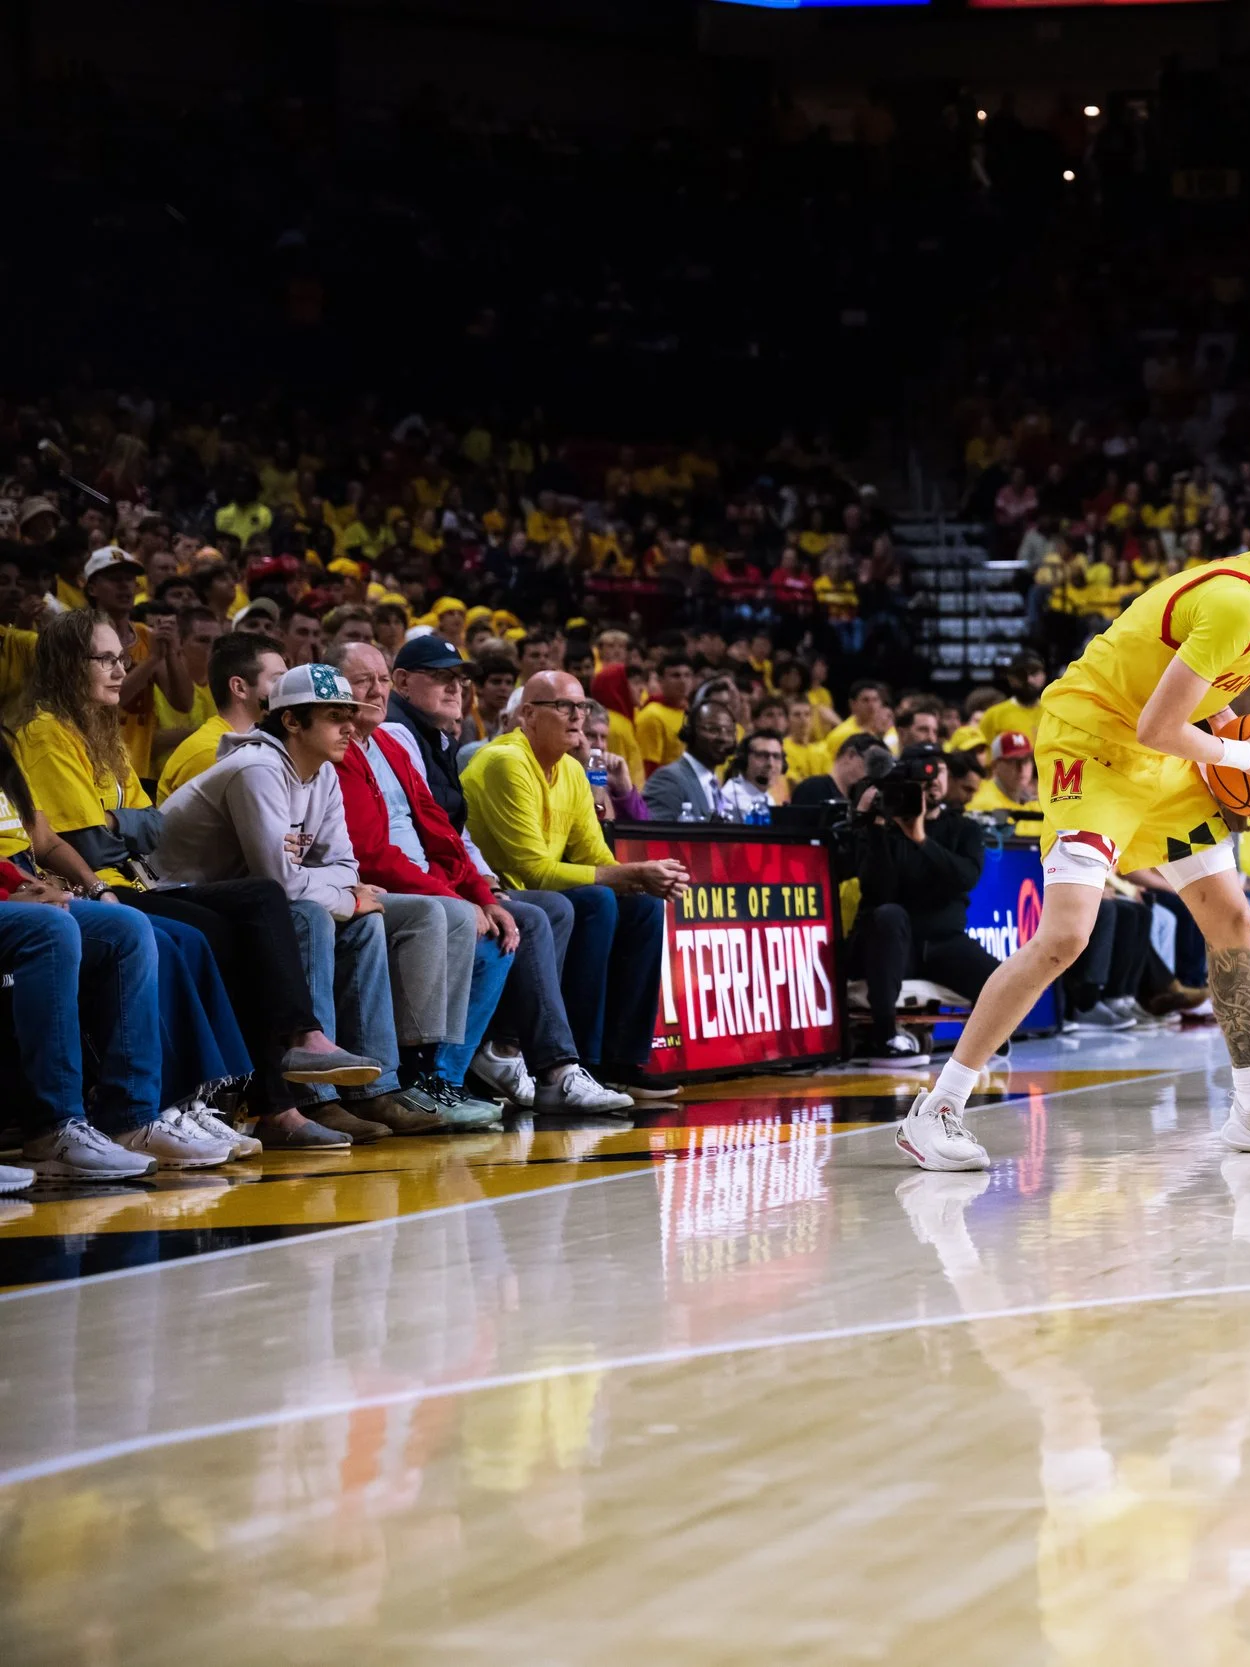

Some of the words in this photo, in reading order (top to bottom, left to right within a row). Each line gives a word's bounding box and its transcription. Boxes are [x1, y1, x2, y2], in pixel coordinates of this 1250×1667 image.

[1051, 758, 1087, 797] M
[682, 886, 737, 918] HOME
[748, 886, 771, 918] OF
[781, 885, 818, 917] THE
[675, 925, 833, 1040] TERRAPINS
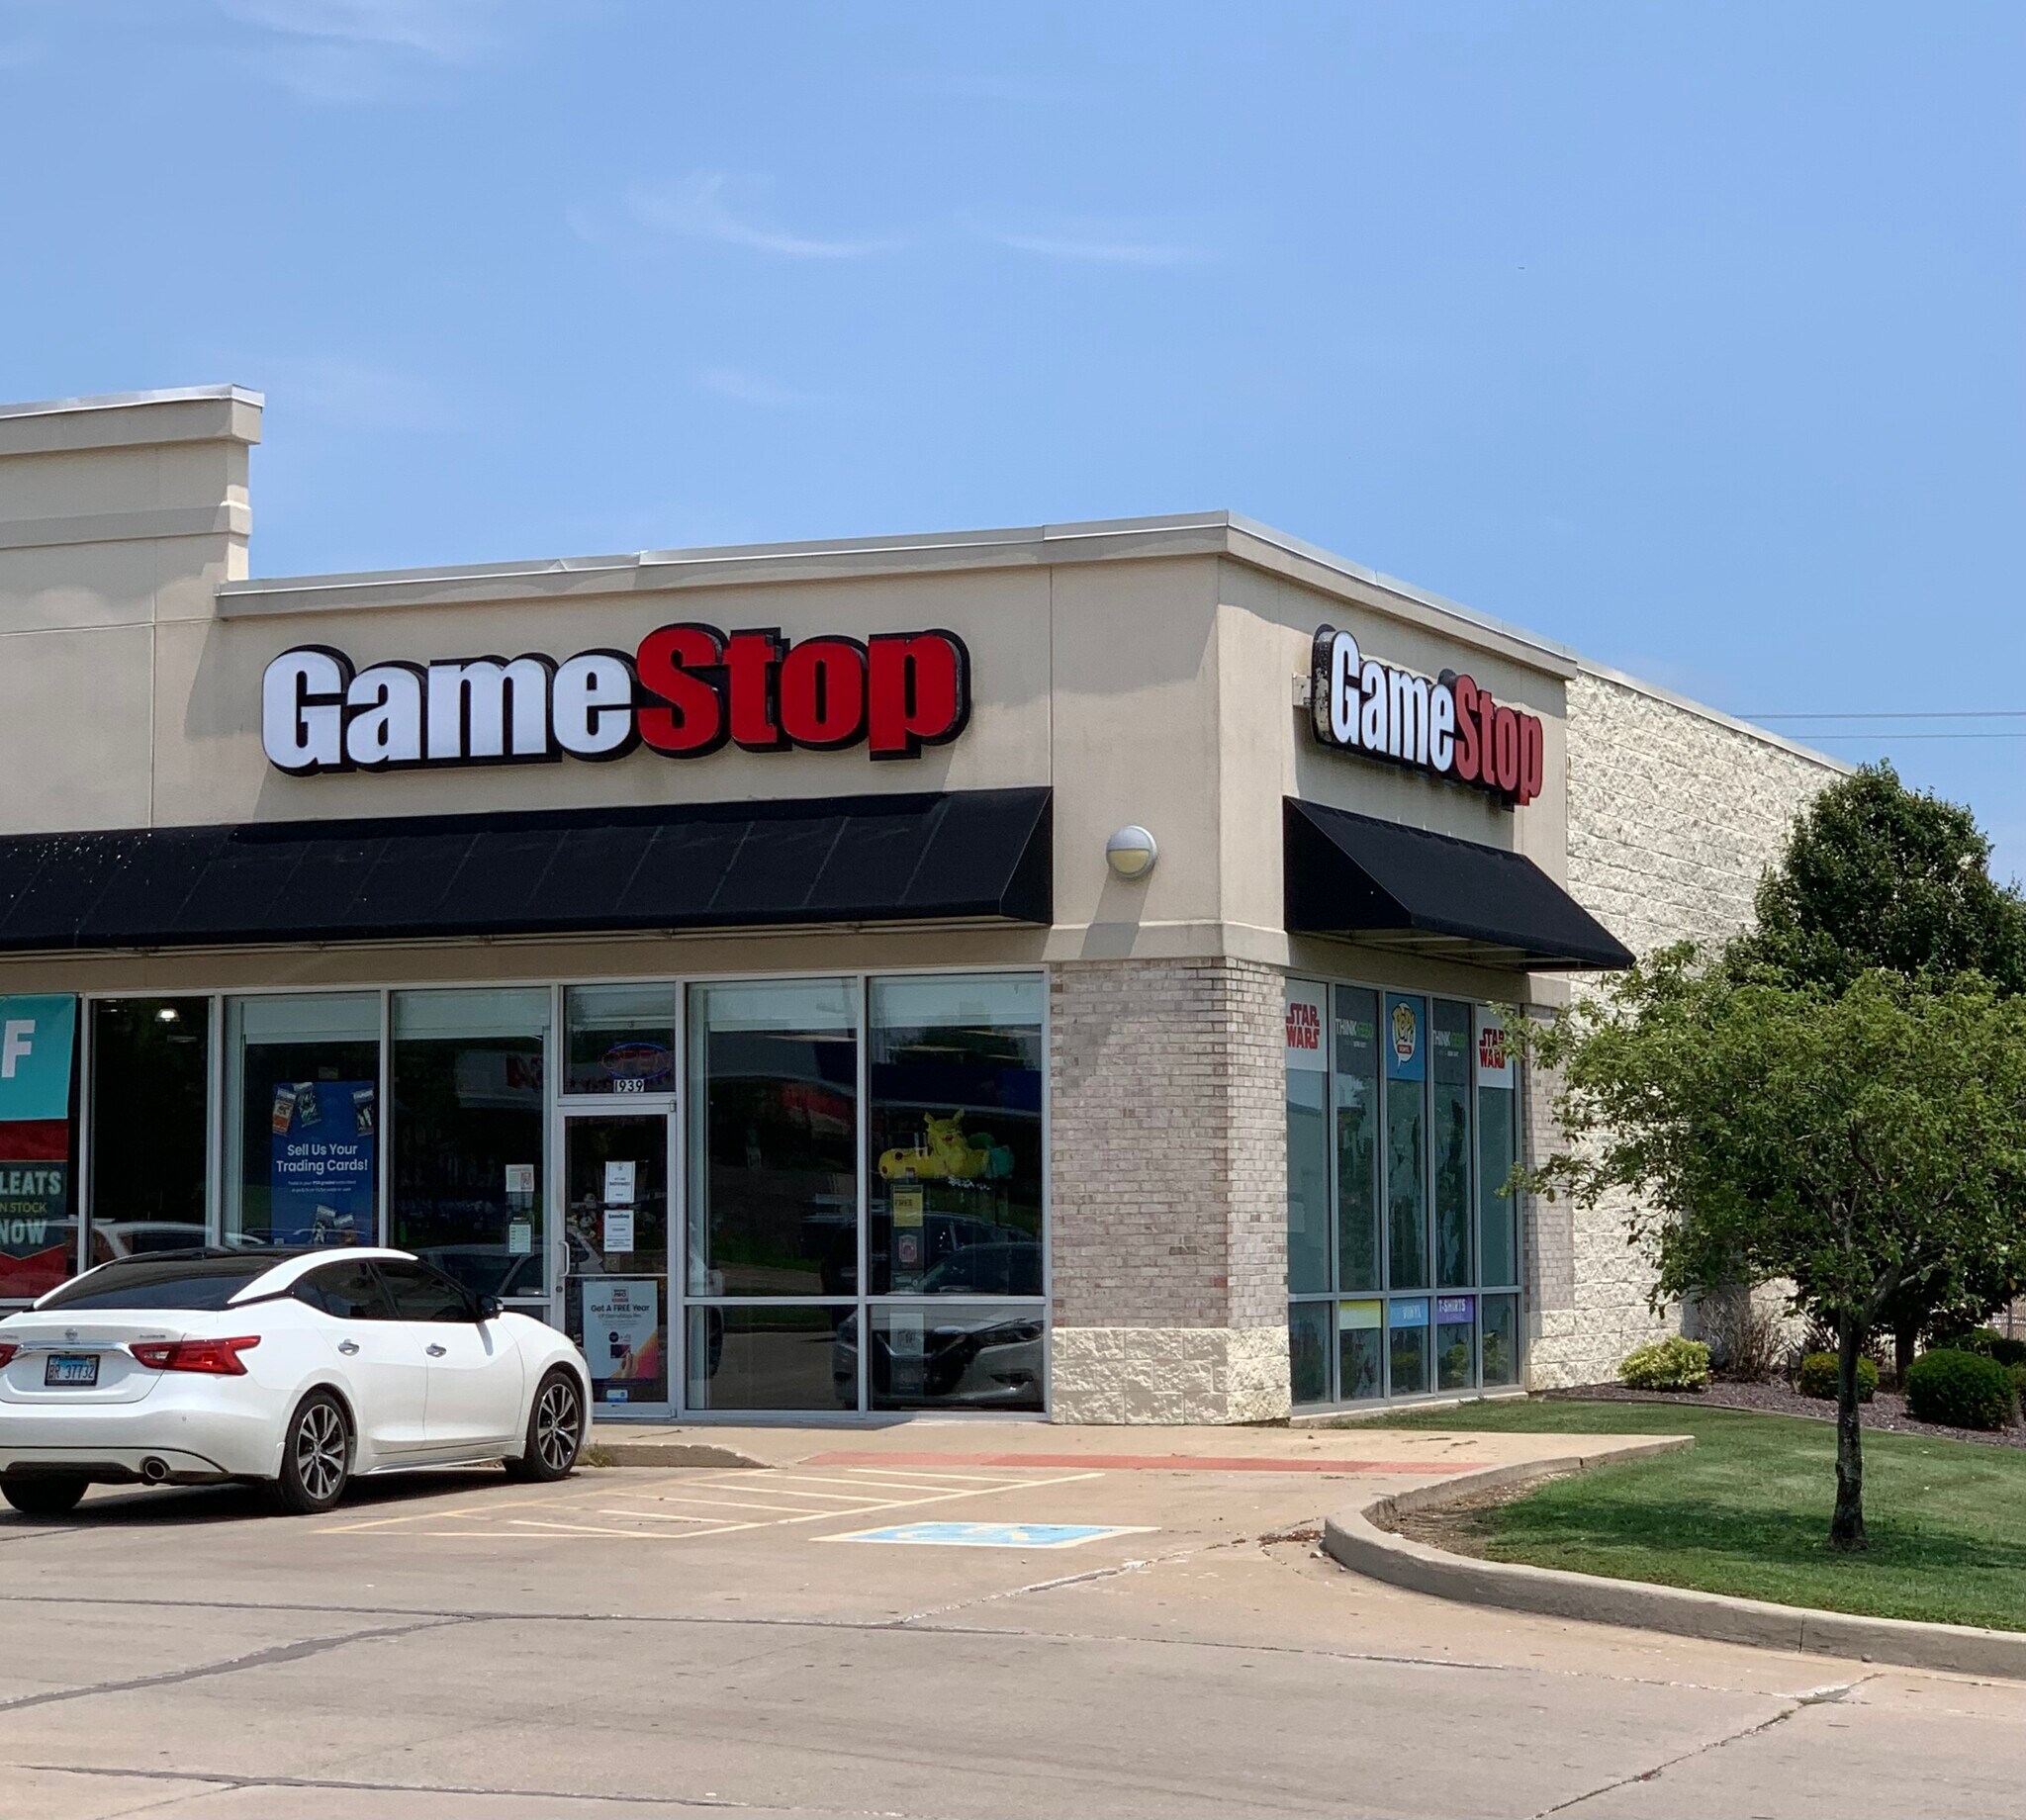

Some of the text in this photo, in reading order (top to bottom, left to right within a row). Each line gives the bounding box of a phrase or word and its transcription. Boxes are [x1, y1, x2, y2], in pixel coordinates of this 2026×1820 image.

[261, 627, 964, 771] GameStop
[1330, 629, 1543, 806] GameStop
[1286, 1002, 1321, 1028] STAR
[1285, 1025, 1321, 1050] WARS
[287, 1143, 358, 1156] Sell Us Your
[276, 1158, 368, 1176] Trading Cards!
[10, 1202, 47, 1214] STOCK
[591, 1304, 604, 1313] Get
[613, 1304, 630, 1313] FREE
[1437, 1298, 1466, 1314] T-SHIRTS
[48, 1364, 60, 1379] BR

::::::::

> DESCRIPTION OF THE TASK
Transcribe the records above verbatim. Do not carry over any picture.

> FINISHED EXERCISE
Some of the words in this photo, in reading order (top to bottom, left to right within a row). Each line gives a word's bounding box and its transcription. Boxes are [x1, y1, x2, y2], in pixel coordinates of this 1250×1667 image.

[1051, 758, 1087, 797] M
[682, 886, 737, 918] HOME
[748, 886, 771, 918] OF
[781, 885, 818, 917] THE
[675, 925, 833, 1040] TERRAPINS

Some of the text in this photo, in reading order (top to bottom, left to right within a row). Each line gives the bounding box of a phrase or word and its transcription. Boxes are [x1, y1, x2, y2], in pixel coordinates of this 2026×1820 image.

[261, 627, 964, 771] GameStop
[1330, 629, 1543, 806] GameStop
[1286, 1002, 1321, 1028] STAR
[1285, 1025, 1321, 1050] WARS
[287, 1143, 358, 1156] Sell Us Your
[276, 1158, 368, 1176] Trading Cards!
[10, 1202, 47, 1214] STOCK
[591, 1304, 604, 1313] Get
[613, 1304, 630, 1313] FREE
[1437, 1298, 1466, 1314] T-SHIRTS
[48, 1364, 60, 1379] BR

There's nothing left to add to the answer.